R - Si, ils regardent la télé ; mais ils ne regardent pas ce qui se passe pendant quinze jours ou trois semaines dans le pays. Quand on investit, quand on implante une usine, on l'implante pour dix ans...
Q - Là, pour la réforme des retraites, ça a été plusieurs mois, par exemple.
R - ... pour dix ans ou pour quinze ans, Monsieur Rivière, dix ans ou quinze ans. Vous regardez les fondamentaux. Les fondamentaux, c'est quoi ? C'est le droit du travail, c'est la fiscalité, c'est la simplification des procédures administratives. Aujourd'hui, et pour les dix prochaines années, c'est le prix de l'énergie, où la France est très compétitive grâce à son parc nucléaire. Et puis, c'est évidemment la capacité à former les talents.
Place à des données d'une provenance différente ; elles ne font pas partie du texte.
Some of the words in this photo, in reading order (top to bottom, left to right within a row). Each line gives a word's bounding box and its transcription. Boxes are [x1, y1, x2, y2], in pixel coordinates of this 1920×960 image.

Là aussi, la France est reconnue comme telle. Donc nous avons aujourd'hui, grâce aux réformes qui ont été entreprises au cours des six dernières années, les fondamentaux de la compétitivité. Notre pays est le plus attractif aujourd'hui en Europe, pour la quatrième année consécutive. On a le droit d'en être fier.
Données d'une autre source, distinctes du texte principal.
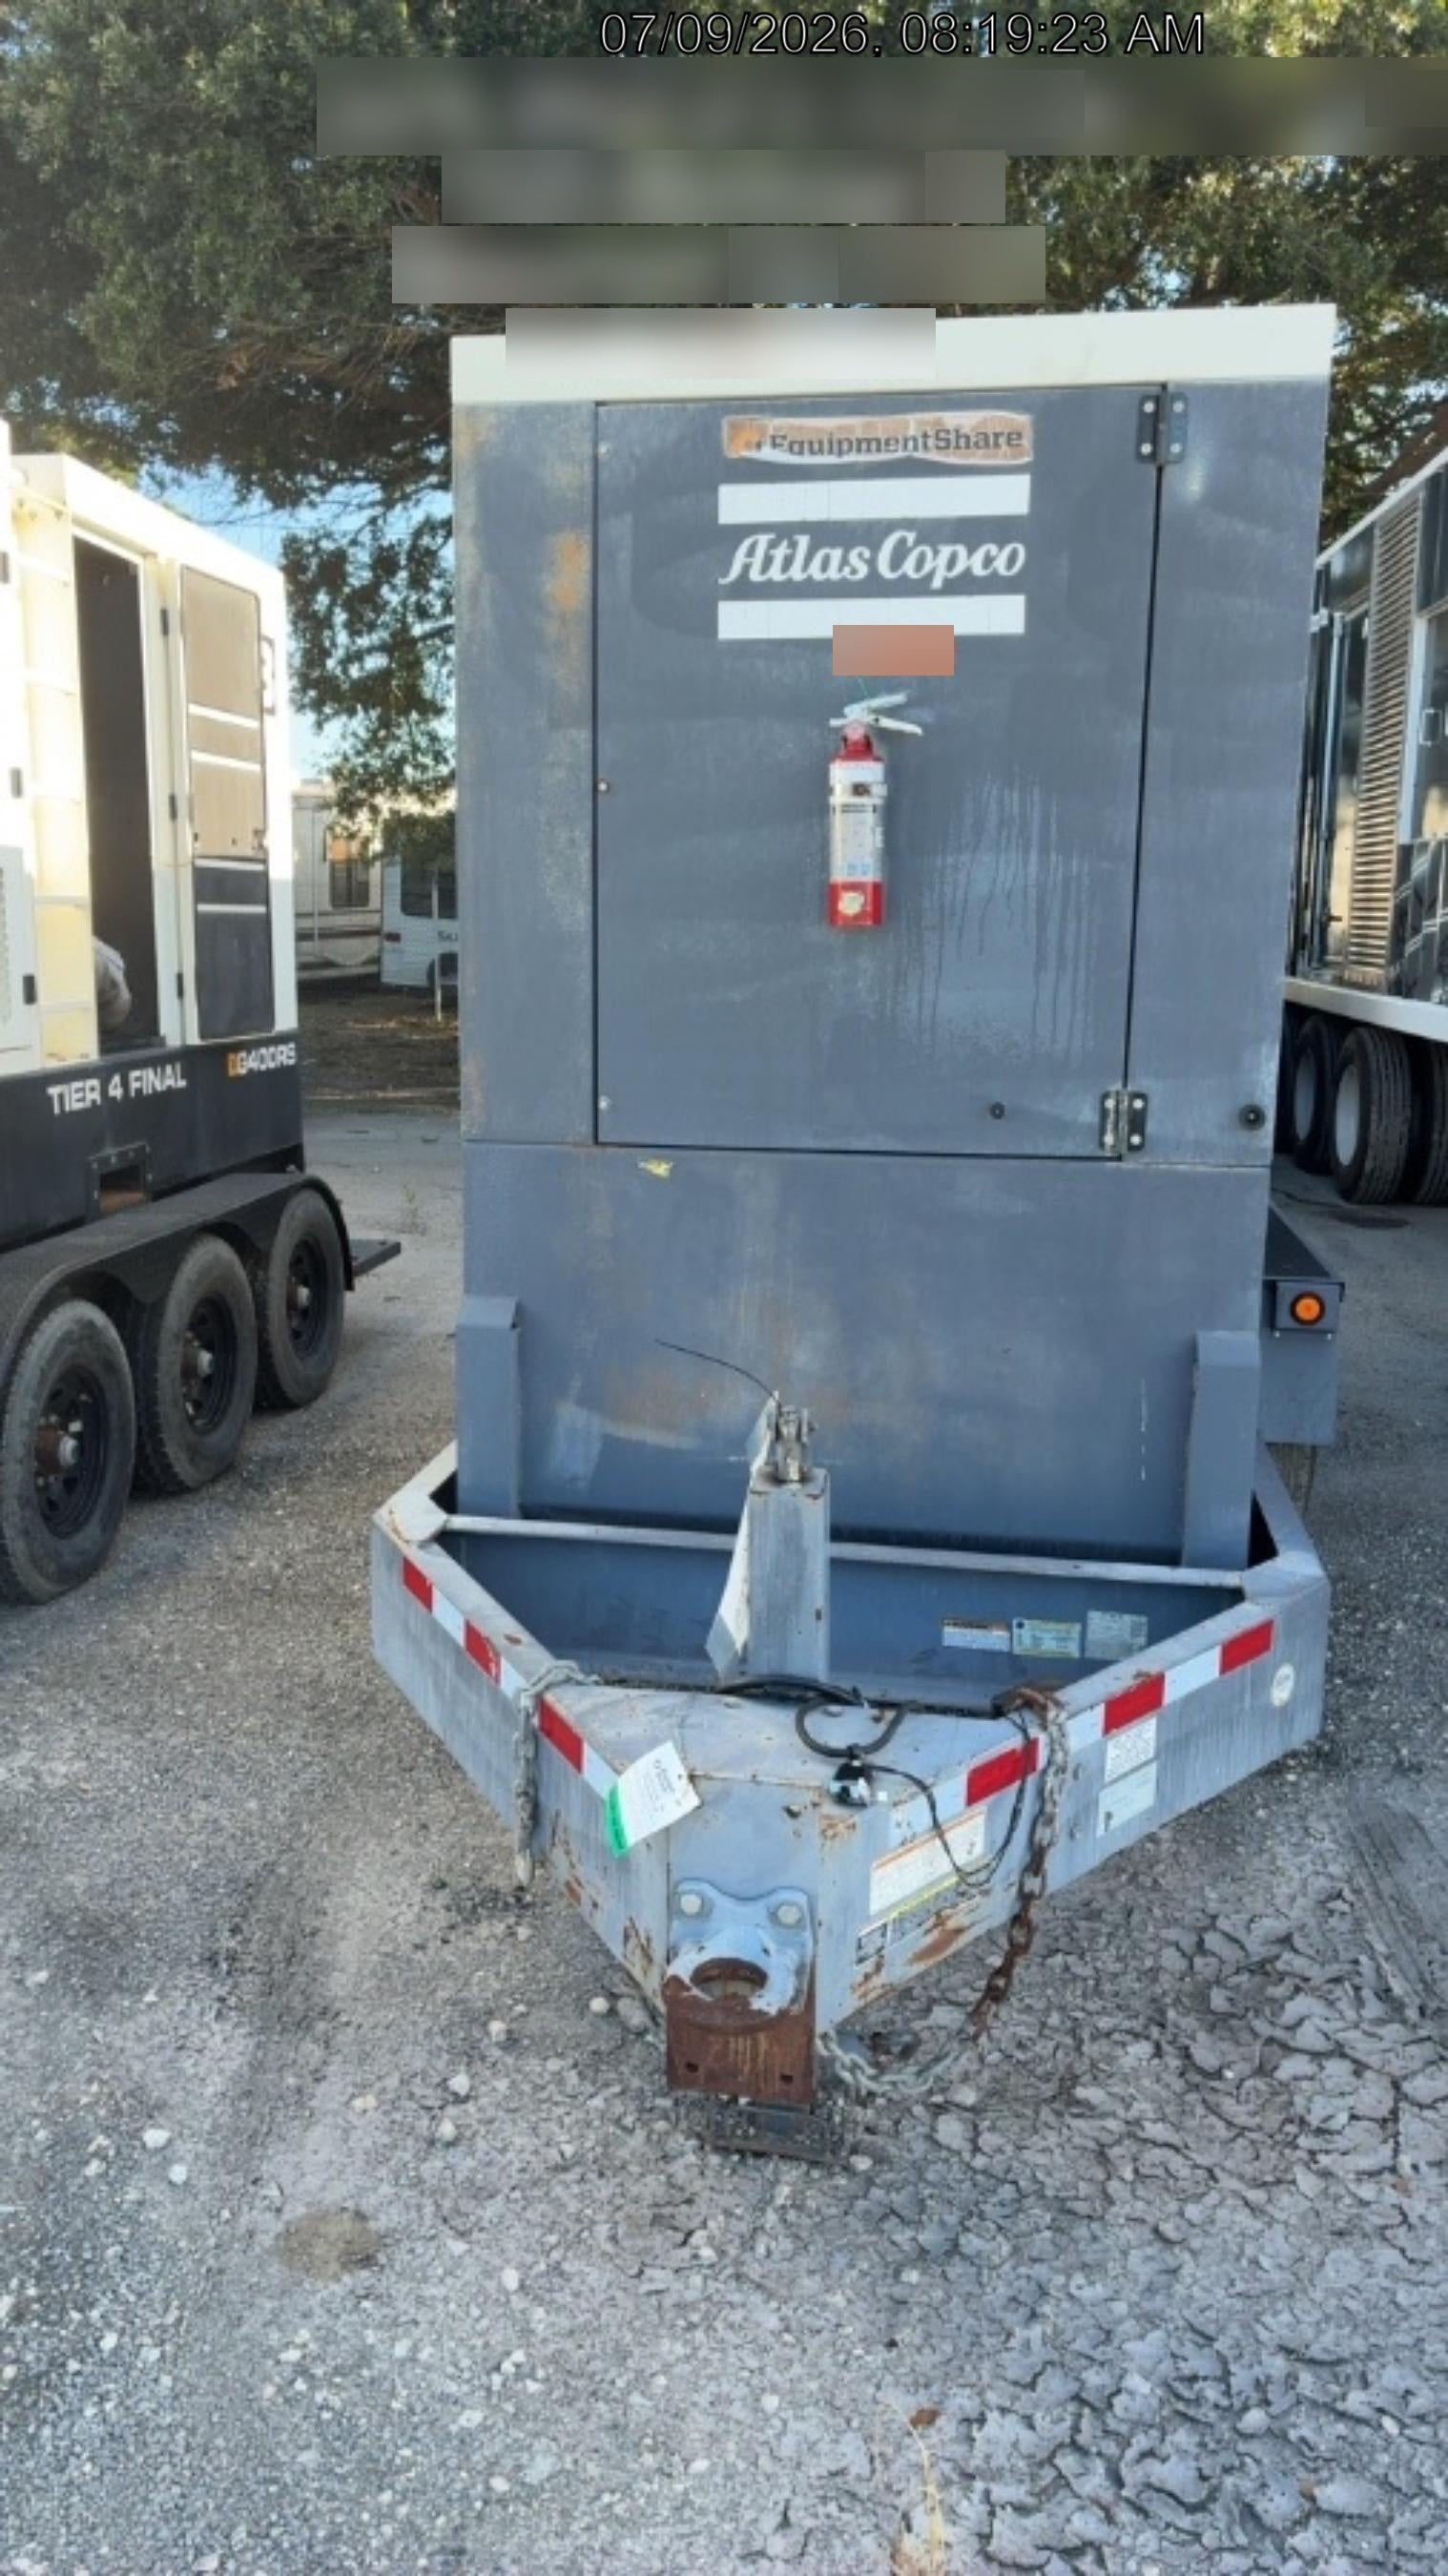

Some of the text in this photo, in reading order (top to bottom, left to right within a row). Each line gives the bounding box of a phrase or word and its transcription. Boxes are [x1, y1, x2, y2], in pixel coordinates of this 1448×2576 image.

Q - Il y a une autre raison que vous n'avez pas évoquée, que le Président de la République, hier soir, lors de son interview chez nos confrères de TF1, a mise en avant, parmi donc les explications sur l'attractivité de la France, c'est, a-t-il dit, la qualité de notre dialogue social. Est-ce que ça n'était pas un peu maladroit de dire ça, à la veille de la rencontre entre les syndicats et Elisabeth Borne, alors qu'on sait que les syndicats disent que le dialogue a été désastreux sur la réforme des retraites ?
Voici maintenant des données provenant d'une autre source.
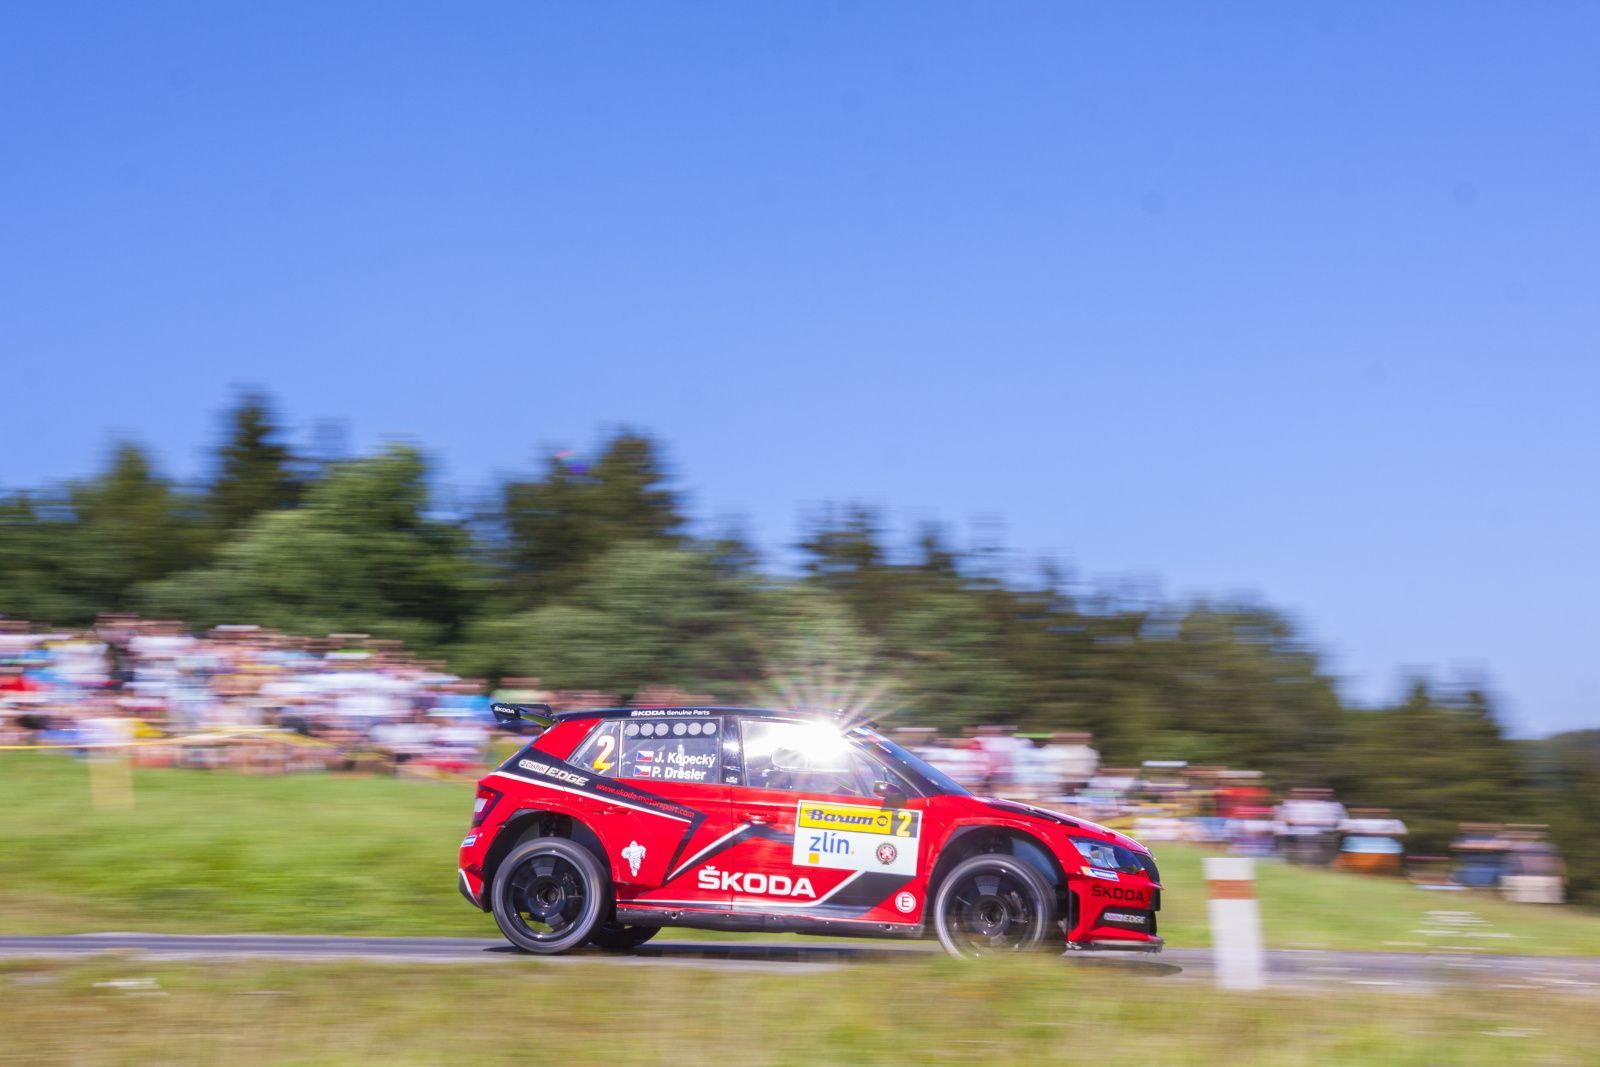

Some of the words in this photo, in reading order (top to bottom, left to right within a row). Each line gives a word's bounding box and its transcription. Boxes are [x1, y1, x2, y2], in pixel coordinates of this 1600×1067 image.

[592, 735, 616, 771] 2
[655, 752, 665, 763] J.
[667, 752, 716, 768] Kopecký
[545, 767, 590, 787] EDGE
[651, 766, 662, 780] P.
[664, 767, 707, 780] Dresler
[805, 809, 874, 826] Barum
[896, 806, 913, 837] 2
[697, 865, 817, 898] ŠKODA
[1091, 882, 1145, 903] ŠKODA
R - Quand on interroge les chefs d'entreprise, et notamment ceux qui étaient en face de moi, hier, de très nombreux chefs d'entreprise se félicitent de la qualité du dialogue social que nous avons à l'intérieur des entreprises, avec des syndicats qui sont plutôt ouverts à la négociation avec les responsables de l'entreprise, et qui permettent, aujourd'hui, à l'intérieur même de l'entreprise, des compromis, des consensus, qui évitent justement les conflits sociaux. Ça aussi, c'est une bonne nouvelle.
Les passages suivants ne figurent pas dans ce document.